# [Data for processing]
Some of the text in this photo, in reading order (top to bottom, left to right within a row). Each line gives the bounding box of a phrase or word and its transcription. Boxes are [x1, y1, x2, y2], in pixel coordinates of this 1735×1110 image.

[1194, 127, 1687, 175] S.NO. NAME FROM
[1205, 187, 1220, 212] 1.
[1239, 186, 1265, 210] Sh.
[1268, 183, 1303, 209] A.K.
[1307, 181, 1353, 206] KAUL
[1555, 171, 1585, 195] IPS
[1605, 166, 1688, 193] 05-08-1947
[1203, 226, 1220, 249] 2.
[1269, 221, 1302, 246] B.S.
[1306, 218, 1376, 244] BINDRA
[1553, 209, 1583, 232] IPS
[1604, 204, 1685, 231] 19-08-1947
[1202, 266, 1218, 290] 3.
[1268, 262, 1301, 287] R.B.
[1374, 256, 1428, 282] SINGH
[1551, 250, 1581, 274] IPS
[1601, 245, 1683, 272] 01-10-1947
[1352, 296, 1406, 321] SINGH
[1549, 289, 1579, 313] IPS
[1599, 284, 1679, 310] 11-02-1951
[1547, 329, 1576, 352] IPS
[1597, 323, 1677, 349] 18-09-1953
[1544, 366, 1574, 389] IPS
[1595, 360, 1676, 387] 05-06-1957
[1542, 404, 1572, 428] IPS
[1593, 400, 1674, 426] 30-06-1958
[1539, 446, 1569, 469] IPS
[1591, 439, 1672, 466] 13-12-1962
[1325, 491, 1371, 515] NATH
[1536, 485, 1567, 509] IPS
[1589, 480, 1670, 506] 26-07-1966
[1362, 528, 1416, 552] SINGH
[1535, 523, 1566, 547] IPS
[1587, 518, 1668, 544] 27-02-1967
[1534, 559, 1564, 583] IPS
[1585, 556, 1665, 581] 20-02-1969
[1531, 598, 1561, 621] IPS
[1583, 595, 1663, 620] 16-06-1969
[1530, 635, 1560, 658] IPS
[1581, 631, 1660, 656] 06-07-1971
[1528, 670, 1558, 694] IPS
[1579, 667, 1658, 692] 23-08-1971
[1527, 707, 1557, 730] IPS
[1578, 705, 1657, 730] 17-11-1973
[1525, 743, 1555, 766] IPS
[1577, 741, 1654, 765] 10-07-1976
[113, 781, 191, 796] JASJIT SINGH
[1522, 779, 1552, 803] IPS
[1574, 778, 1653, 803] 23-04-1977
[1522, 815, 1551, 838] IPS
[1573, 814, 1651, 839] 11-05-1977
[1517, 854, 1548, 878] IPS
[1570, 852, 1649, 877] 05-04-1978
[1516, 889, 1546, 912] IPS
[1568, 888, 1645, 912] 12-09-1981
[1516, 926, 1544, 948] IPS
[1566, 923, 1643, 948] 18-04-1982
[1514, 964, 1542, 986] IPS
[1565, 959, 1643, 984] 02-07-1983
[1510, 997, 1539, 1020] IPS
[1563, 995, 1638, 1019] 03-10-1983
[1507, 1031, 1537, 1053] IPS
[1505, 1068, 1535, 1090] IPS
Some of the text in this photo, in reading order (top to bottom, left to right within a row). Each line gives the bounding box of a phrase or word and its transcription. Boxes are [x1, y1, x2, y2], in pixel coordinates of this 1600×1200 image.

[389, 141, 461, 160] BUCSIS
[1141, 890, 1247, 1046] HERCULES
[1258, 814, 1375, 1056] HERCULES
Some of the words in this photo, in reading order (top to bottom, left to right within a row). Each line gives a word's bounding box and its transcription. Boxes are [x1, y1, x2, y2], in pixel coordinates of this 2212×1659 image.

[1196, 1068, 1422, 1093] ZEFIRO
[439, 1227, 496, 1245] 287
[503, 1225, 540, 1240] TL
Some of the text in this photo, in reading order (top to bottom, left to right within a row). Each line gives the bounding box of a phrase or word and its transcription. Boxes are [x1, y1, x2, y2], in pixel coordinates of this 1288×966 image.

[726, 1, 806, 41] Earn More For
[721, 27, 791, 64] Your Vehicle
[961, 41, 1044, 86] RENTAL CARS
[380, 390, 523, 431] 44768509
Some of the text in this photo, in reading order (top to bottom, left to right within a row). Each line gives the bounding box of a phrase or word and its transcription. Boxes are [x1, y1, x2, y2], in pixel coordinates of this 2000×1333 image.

# [Try it]
Go through the material and set every line down again exactly.

# [Task output]
Some of the text in this photo, in reading order (top to bottom, left to right within a row). Each line gives the bounding box of a phrase or word and its transcription. Boxes are [x1, y1, x2, y2], in pixel coordinates of this 1735×1110 image.

[1194, 127, 1687, 175] S.NO. NAME FROM
[1205, 187, 1220, 212] 1.
[1239, 186, 1265, 210] Sh.
[1268, 183, 1303, 209] A.K.
[1307, 181, 1353, 206] KAUL
[1555, 171, 1585, 195] IPS
[1605, 166, 1688, 193] 05-08-1947
[1203, 226, 1220, 249] 2.
[1269, 221, 1302, 246] B.S.
[1306, 218, 1376, 244] BINDRA
[1553, 209, 1583, 232] IPS
[1604, 204, 1685, 231] 19-08-1947
[1202, 266, 1218, 290] 3.
[1268, 262, 1301, 287] R.B.
[1374, 256, 1428, 282] SINGH
[1551, 250, 1581, 274] IPS
[1601, 245, 1683, 272] 01-10-1947
[1352, 296, 1406, 321] SINGH
[1549, 289, 1579, 313] IPS
[1599, 284, 1679, 310] 11-02-1951
[1547, 329, 1576, 352] IPS
[1597, 323, 1677, 349] 18-09-1953
[1544, 366, 1574, 389] IPS
[1595, 360, 1676, 387] 05-06-1957
[1542, 404, 1572, 428] IPS
[1593, 400, 1674, 426] 30-06-1958
[1539, 446, 1569, 469] IPS
[1591, 439, 1672, 466] 13-12-1962
[1325, 491, 1371, 515] NATH
[1536, 485, 1567, 509] IPS
[1589, 480, 1670, 506] 26-07-1966
[1362, 528, 1416, 552] SINGH
[1535, 523, 1566, 547] IPS
[1587, 518, 1668, 544] 27-02-1967
[1534, 559, 1564, 583] IPS
[1585, 556, 1665, 581] 20-02-1969
[1531, 598, 1561, 621] IPS
[1583, 595, 1663, 620] 16-06-1969
[1530, 635, 1560, 658] IPS
[1581, 631, 1660, 656] 06-07-1971
[1528, 670, 1558, 694] IPS
[1579, 667, 1658, 692] 23-08-1971
[1527, 707, 1557, 730] IPS
[1578, 705, 1657, 730] 17-11-1973
[1525, 743, 1555, 766] IPS
[1577, 741, 1654, 765] 10-07-1976
[113, 781, 191, 796] JASJIT SINGH
[1522, 779, 1552, 803] IPS
[1574, 778, 1653, 803] 23-04-1977
[1522, 815, 1551, 838] IPS
[1573, 814, 1651, 839] 11-05-1977
[1517, 854, 1548, 878] IPS
[1570, 852, 1649, 877] 05-04-1978
[1516, 889, 1546, 912] IPS
[1568, 888, 1645, 912] 12-09-1981
[1516, 926, 1544, 948] IPS
[1566, 923, 1643, 948] 18-04-1982
[1514, 964, 1542, 986] IPS
[1565, 959, 1643, 984] 02-07-1983
[1510, 997, 1539, 1020] IPS
[1563, 995, 1638, 1019] 03-10-1983
[1507, 1031, 1537, 1053] IPS
[1505, 1068, 1535, 1090] IPS
Some of the text in this photo, in reading order (top to bottom, left to right within a row). Each line gives the bounding box of a phrase or word and its transcription. Boxes are [x1, y1, x2, y2], in pixel coordinates of this 1600×1200 image.

[389, 141, 461, 160] BUCSIS
[1141, 890, 1247, 1046] HERCULES
[1258, 814, 1375, 1056] HERCULES
Some of the words in this photo, in reading order (top to bottom, left to right within a row). Each line gives a word's bounding box and its transcription. Boxes are [x1, y1, x2, y2], in pixel coordinates of this 2212×1659 image.

[1196, 1068, 1422, 1093] ZEFIRO
[439, 1227, 496, 1245] 287
[503, 1225, 540, 1240] TL
Some of the text in this photo, in reading order (top to bottom, left to right within a row). Each line gives the bounding box of a phrase or word and its transcription. Boxes are [x1, y1, x2, y2], in pixel coordinates of this 1288×966 image.

[726, 1, 806, 41] Earn More For
[721, 27, 791, 64] Your Vehicle
[961, 41, 1044, 86] RENTAL CARS
[380, 390, 523, 431] 44768509
Some of the text in this photo, in reading order (top to bottom, left to right within a row). Each line gives the bounding box of a phrase or word and its transcription. Boxes are [x1, y1, x2, y2], in pixel coordinates of this 2000×1333 image.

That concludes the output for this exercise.